>>

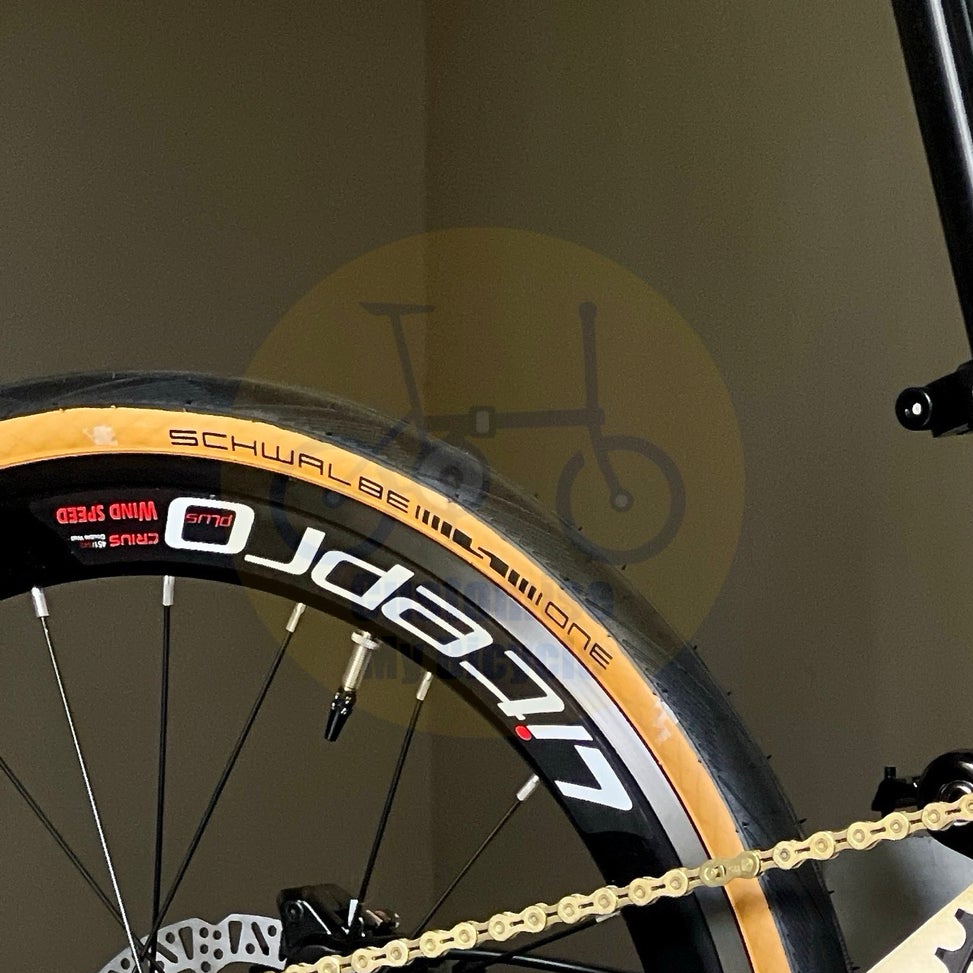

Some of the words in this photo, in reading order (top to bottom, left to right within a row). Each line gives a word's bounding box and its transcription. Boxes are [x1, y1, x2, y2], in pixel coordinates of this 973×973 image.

[56, 504, 105, 524] SPEED
[109, 532, 159, 547] CRIUS
[169, 429, 410, 514] SCHWALBE
[544, 600, 614, 670] ONE
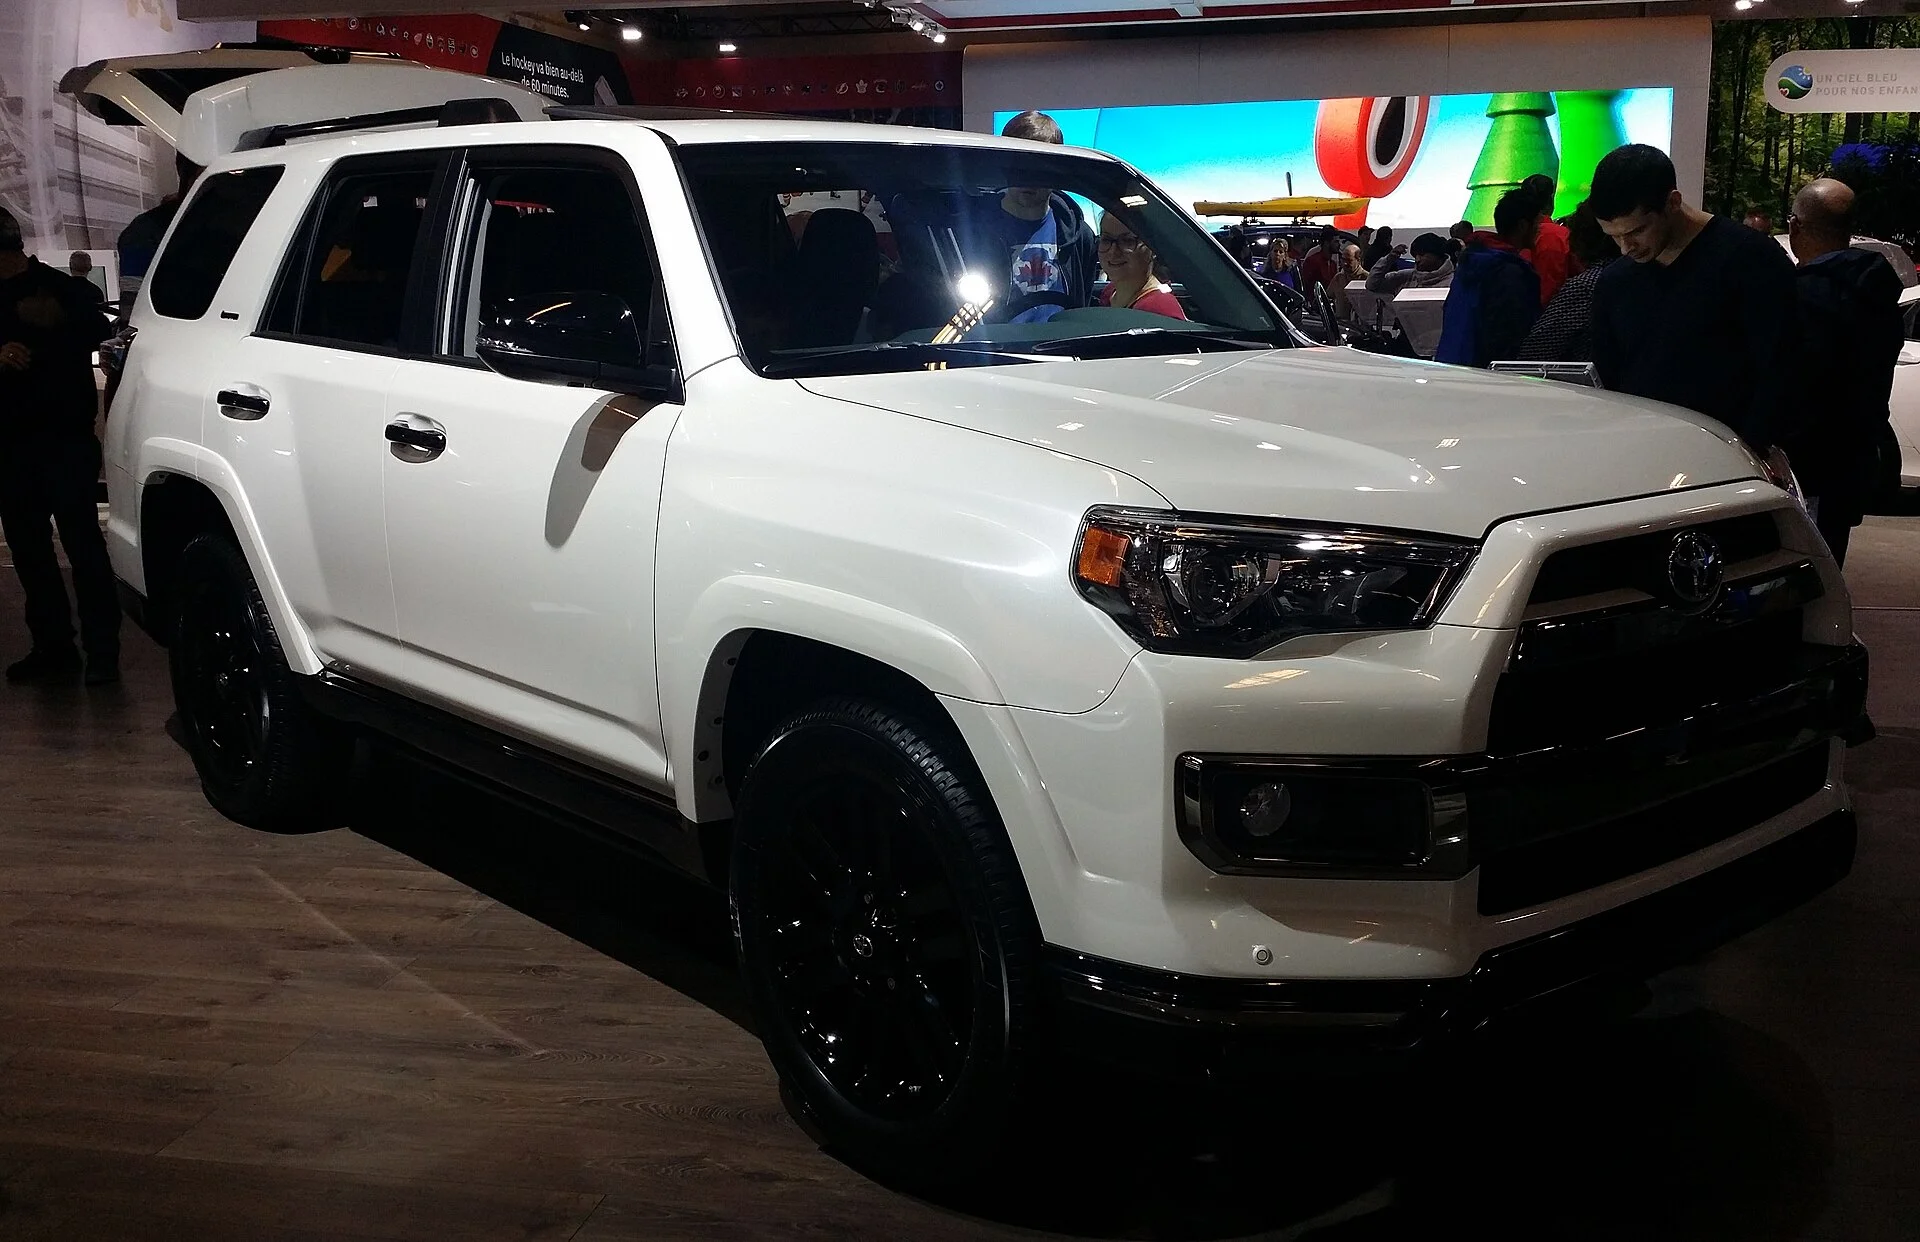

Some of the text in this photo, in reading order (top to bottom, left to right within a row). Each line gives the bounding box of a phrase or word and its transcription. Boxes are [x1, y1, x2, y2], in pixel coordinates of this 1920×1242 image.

[501, 52, 584, 83] Le hockey va bien au-delà
[1816, 73, 1898, 83] UN CIEL BLEU
[521, 75, 570, 99] de 60 minutes.
[1816, 86, 1920, 96] POUR NOS ENFAN

<<

▶ [Work item]
Only the lines from the one holding "Some of the text" to the end of the listing are to be written out, word for word.

▶ [Result of this exercise]
Some of the text in this photo, in reading order (top to bottom, left to right within a row). Each line gives the bounding box of a phrase or word and its transcription. Boxes are [x1, y1, x2, y2], in pixel coordinates of this 1920×1242 image.

[501, 52, 584, 83] Le hockey va bien au-delà
[1816, 73, 1898, 83] UN CIEL BLEU
[521, 75, 570, 99] de 60 minutes.
[1816, 86, 1920, 96] POUR NOS ENFAN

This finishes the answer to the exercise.